One such form of transgenerational plasticity involves heritable epigenetic changes. That is, heritable changes in the expression of genes that are not explained by a change in the sequence of an individual’s DNA. These changes involve structures associated with DNA (such as DNA methylation or histone proteins) that modify how genes are expressed. They can respond to changes in the environment and can be passed down to offspring.
There are a lot of cool examples of heritable epigenetics beginning to be uncovered across a wide variety of taxa. For example, plants exposed to herbivores had offspring that were better defended against those herbivores than those with parents who weren’t exposed (Agrawal, Laforsch, & Tollrian, 1999). Mice that were provided learning enrichment navigated mazes better and their offspring also learned the mazes faster even without their own enrichment (Arai & Feig, 2011) . In humans, higher levels of obesity and other health problems have been found in Dutch people whose grandmothers were pregnant with their mothers during the Dutch Famine in WWII (a multi-generational effect) (Heijmans et al., 2008).

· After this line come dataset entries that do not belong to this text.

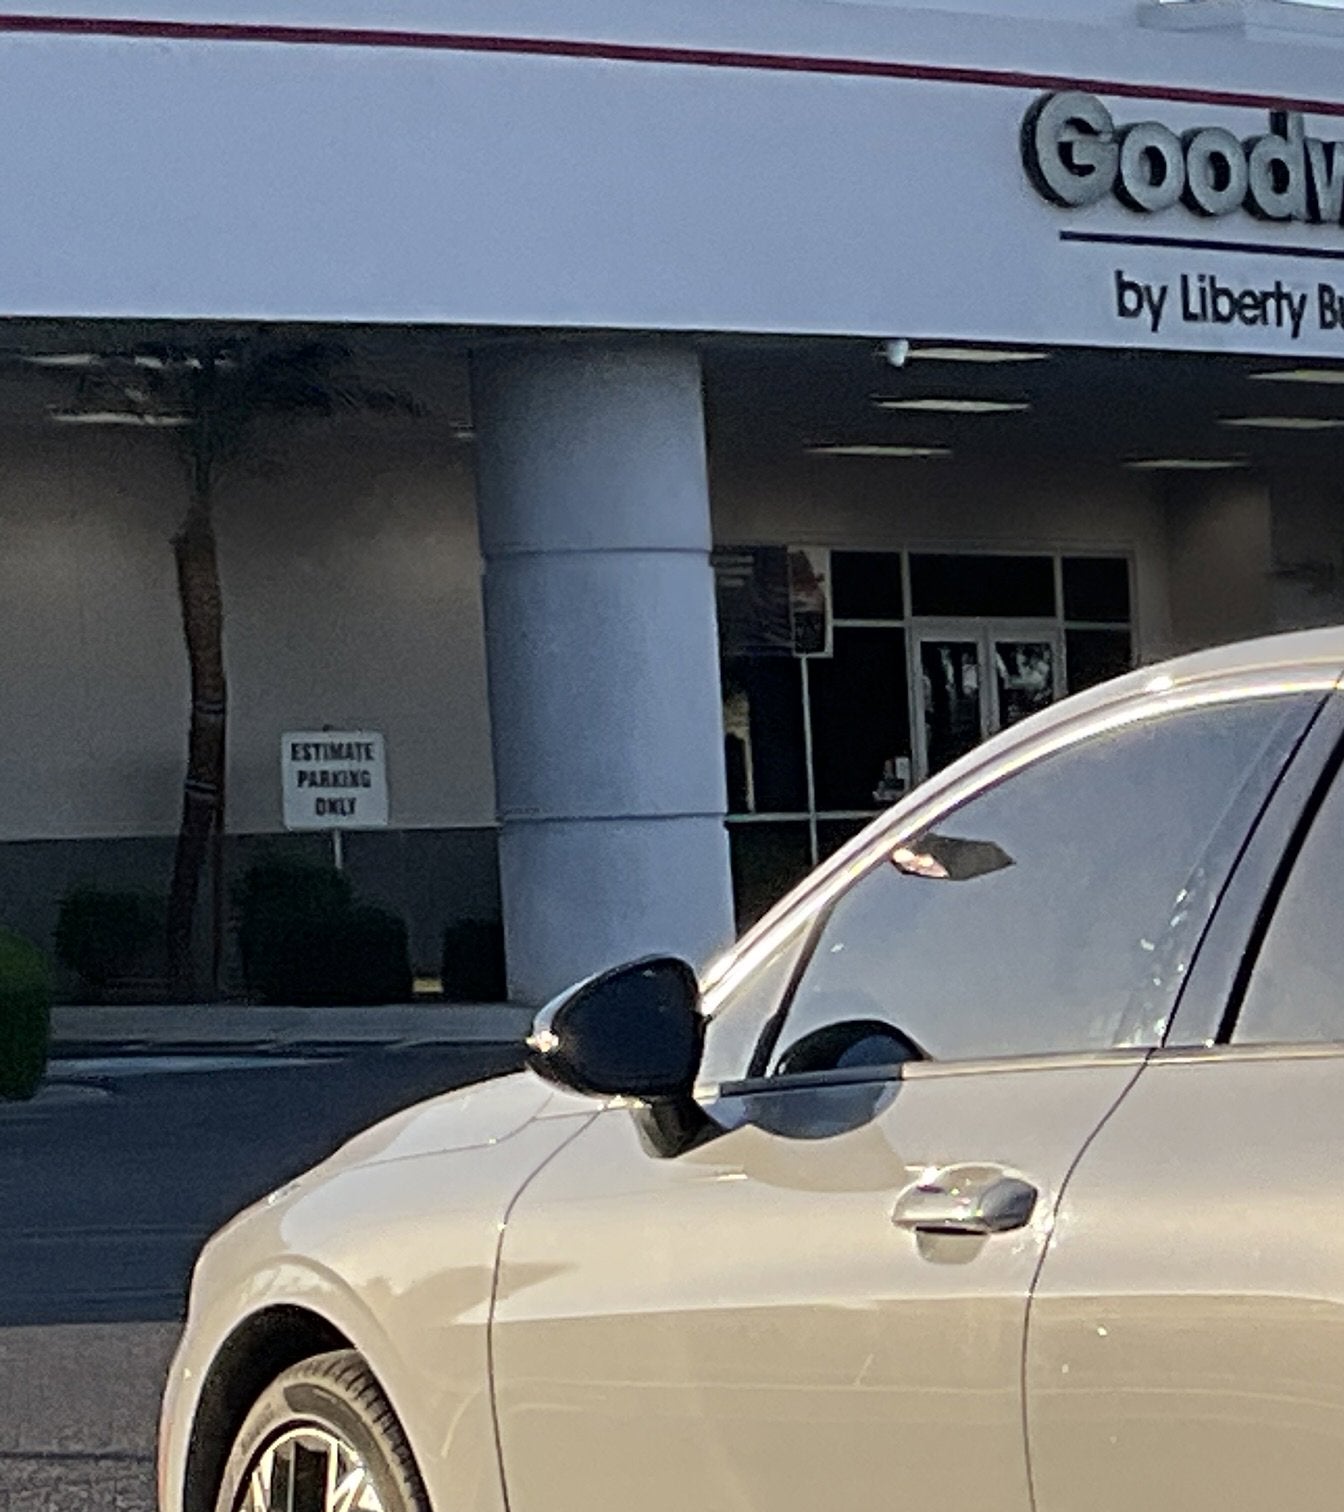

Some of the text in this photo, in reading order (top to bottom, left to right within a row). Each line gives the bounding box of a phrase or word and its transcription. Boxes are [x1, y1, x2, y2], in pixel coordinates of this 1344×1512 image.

[1115, 269, 1168, 333] by
[1180, 273, 1307, 339] Liberty
[290, 742, 375, 762] ESTIMATE
[297, 768, 372, 788] PARKING
[315, 797, 357, 816] ONLY

We are now beginning to understand that transgenerational plasticity along with other forms of non-genetic inheritance, like cultural inheritance (transgenerational transmission of behaviors and ideas) and maternal/paternal effects (pre- and post-natal conditions of parents and its effects on developing offspring), may be important in ecological and evolutionary processes. Our strictly Darwinian Modern Synthesis may fall short. The environment does affect the traits passed onto offspring and the experience of our parents can affect our own, perhaps providing a “fast-track” way to evolve adaptively in response to the environment.
Conversely, we are now beginning to understand the potential downsides to this plasticity. What if your parents hand you a screwdriver, but the world has changed so that now there are only nails? There is a possibility for TGP to be maladaptive too (Ghalambor et al., 2015). This possibility may be particularly important in our rapidly changing modern world. Will TGP rescue species or accelerate their downfall in the face of climate change and other human induced changes?

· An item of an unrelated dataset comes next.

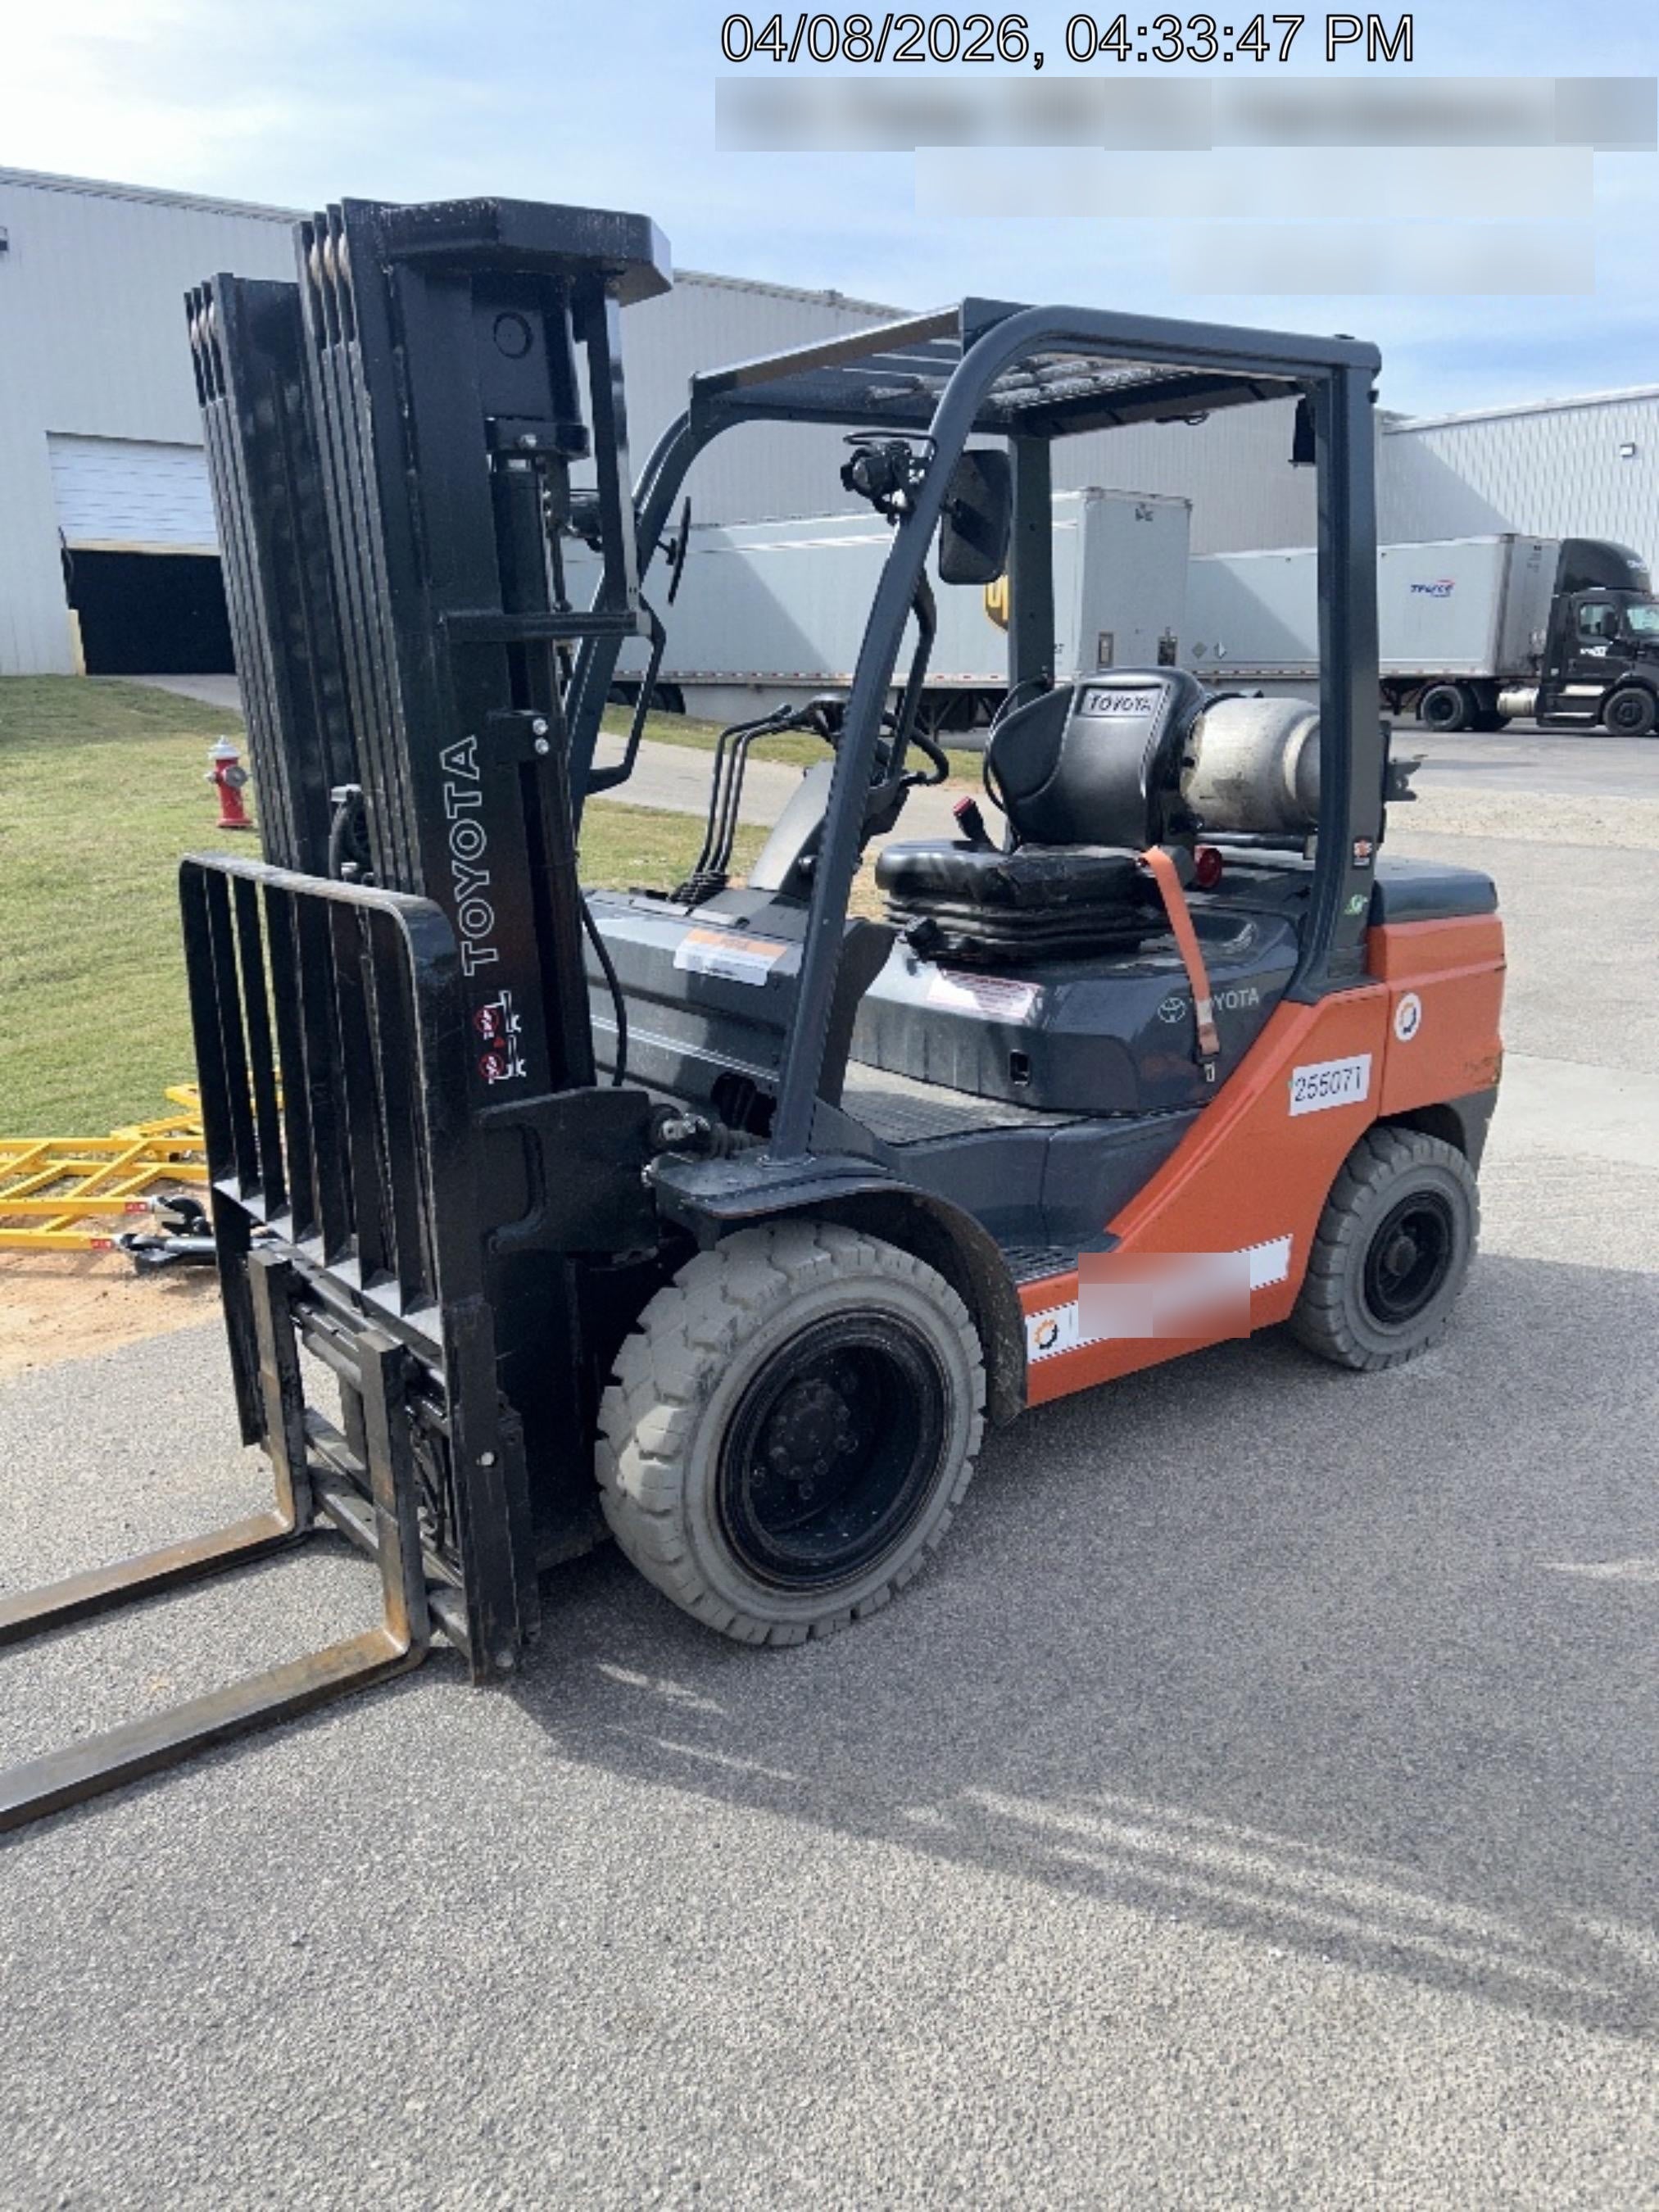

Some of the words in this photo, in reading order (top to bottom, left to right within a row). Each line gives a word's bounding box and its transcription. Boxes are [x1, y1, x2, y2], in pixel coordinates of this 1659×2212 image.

Either way, it seems that TGP may be important. In fact, a new “Extended Evolutionary Synthesis” is being proposed as an alternative to the traditional “Modern Synthesis” by incorporating these ideas into how we understand evolution (Laland et al., 2015). Lamarck may not have gotten it entirely right, but we now know that there is a Lamarckian twist to our traditional Darwinian inheritance.
Sources:
Agrawal, A. A., Laforsch, C., & Tollrian, R. (1999). Transgenerational induction of defences in animals and plants. Nature, 401(6748), 60–63. http://doi.org/10.1038/43425
Arai, J. A., & Feig, L. A. (2011). Long-lasting and transgenerational effects of an environmental enrichment on memory formation. Brain Research Bulletin, 85(1–2), 30–35. http://doi.org/10.1016/J.BRAINRESBULL.2010.11.003
Ghalambor, C. K., Hoke, K. L., Ruell, E. W., Fischer, E. K., Reznick, D. N., & Hughes, K. A. (2015). Non-adaptive plasticity potentiates rapid adaptive evolution of gene expression in nature. Nature, 525(7569), 372.

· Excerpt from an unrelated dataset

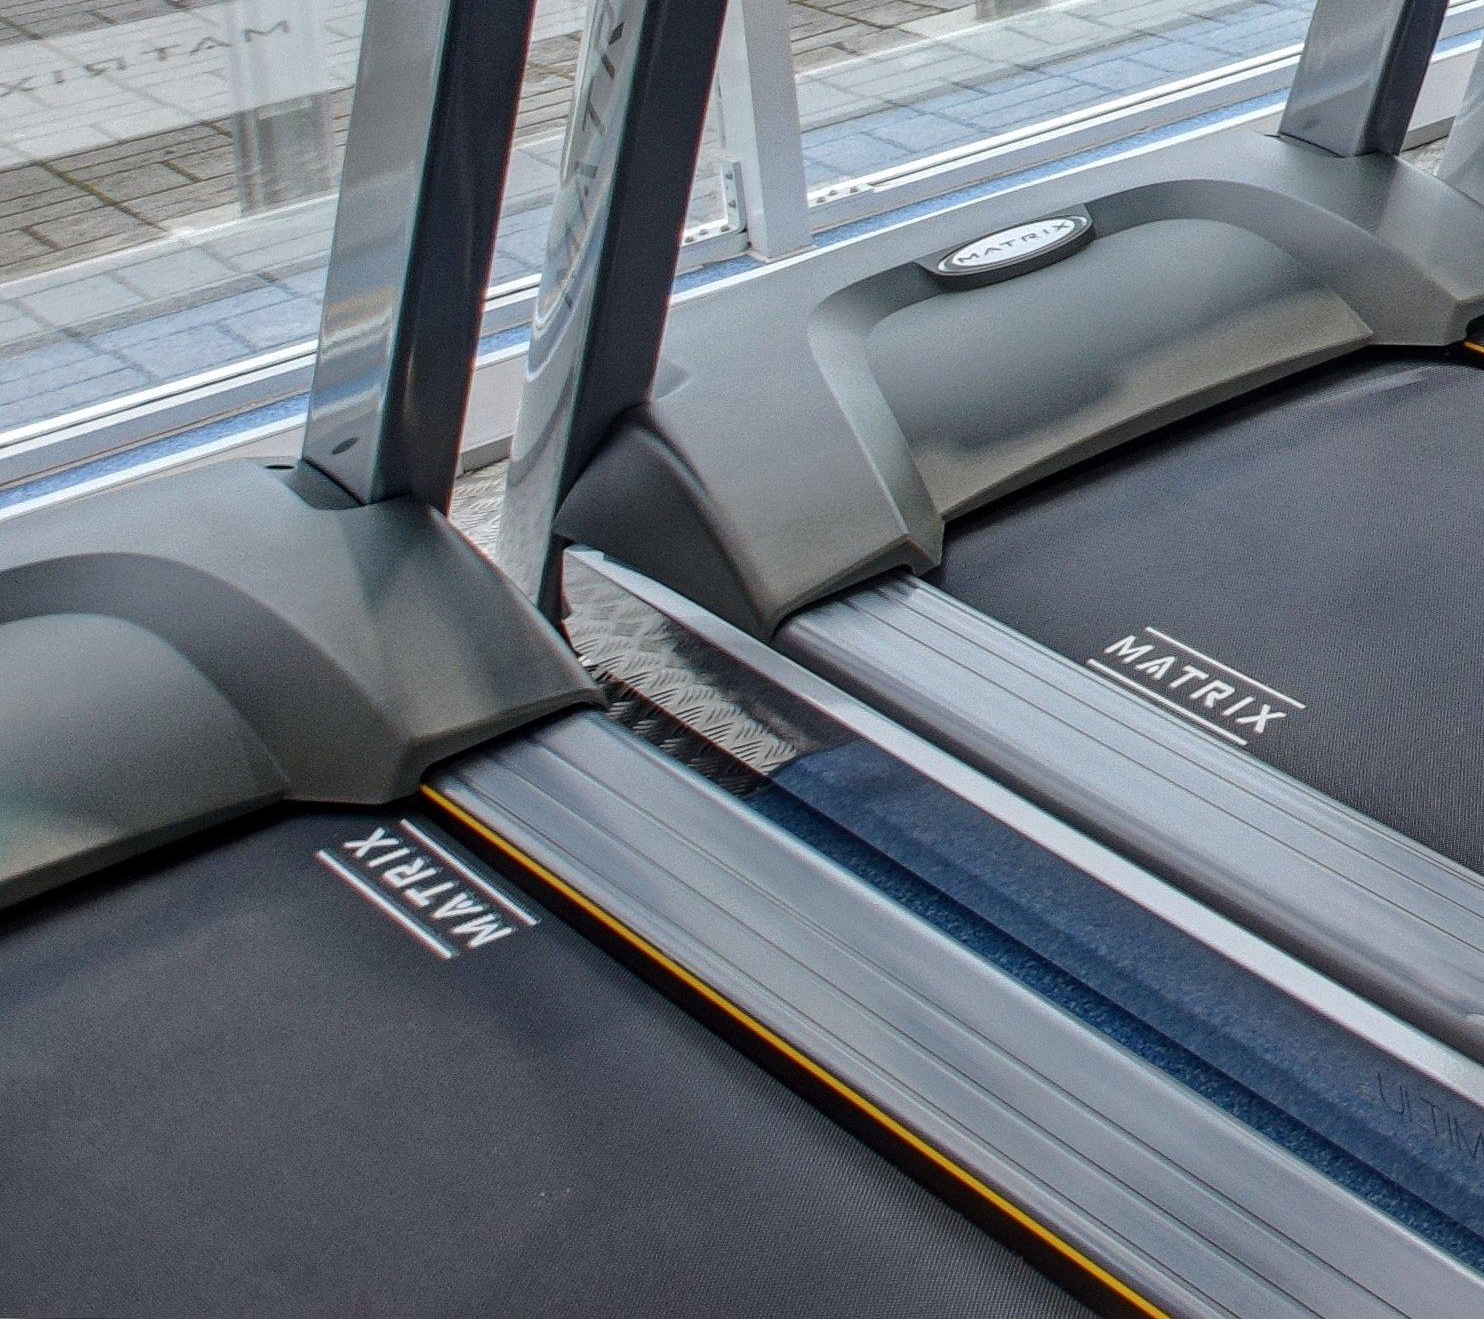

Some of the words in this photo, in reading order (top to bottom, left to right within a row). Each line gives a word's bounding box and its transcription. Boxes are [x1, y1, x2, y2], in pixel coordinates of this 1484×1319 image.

[957, 221, 1070, 264] MATRIX
[1103, 633, 1288, 736] MATRIX
[343, 825, 518, 950] MATRIX

Heijmans, B. T., Tobi, E. W., Stein, A. D., Putter, H., Blauw, G. J., Susser, E. S., … Lumey, L. H. (2008). Persistent epigenetic differences associated with prenatal exposure to famine in humans. Proceedings of the National Academy of Sciences, 105(44), 17046–17049. http://doi.org/10.1073/pnas.0806560105
Jablonka, E., & Lamb, M. J. (2008). Soft inheritance: challenging the modern synthesis. Genetics and Molecular Biology, 31(2), 389-395.
Laland, K. N., Uller, T., Feldman, M. W., Sterelny, K., Müller, G. B., Moczek, A., … Odling-Smee, J. (2015). The extended evolutionary synthesis: its structure, assumptions and predictions. Proceedings. Biological Sciences, 282(1813), 20151019. http://doi.org/10.1098/rspb.2015.1019
Mayr, E. (1982). The growth of biological thought: Diversity, evolution, and inheritance. Harvard University Press.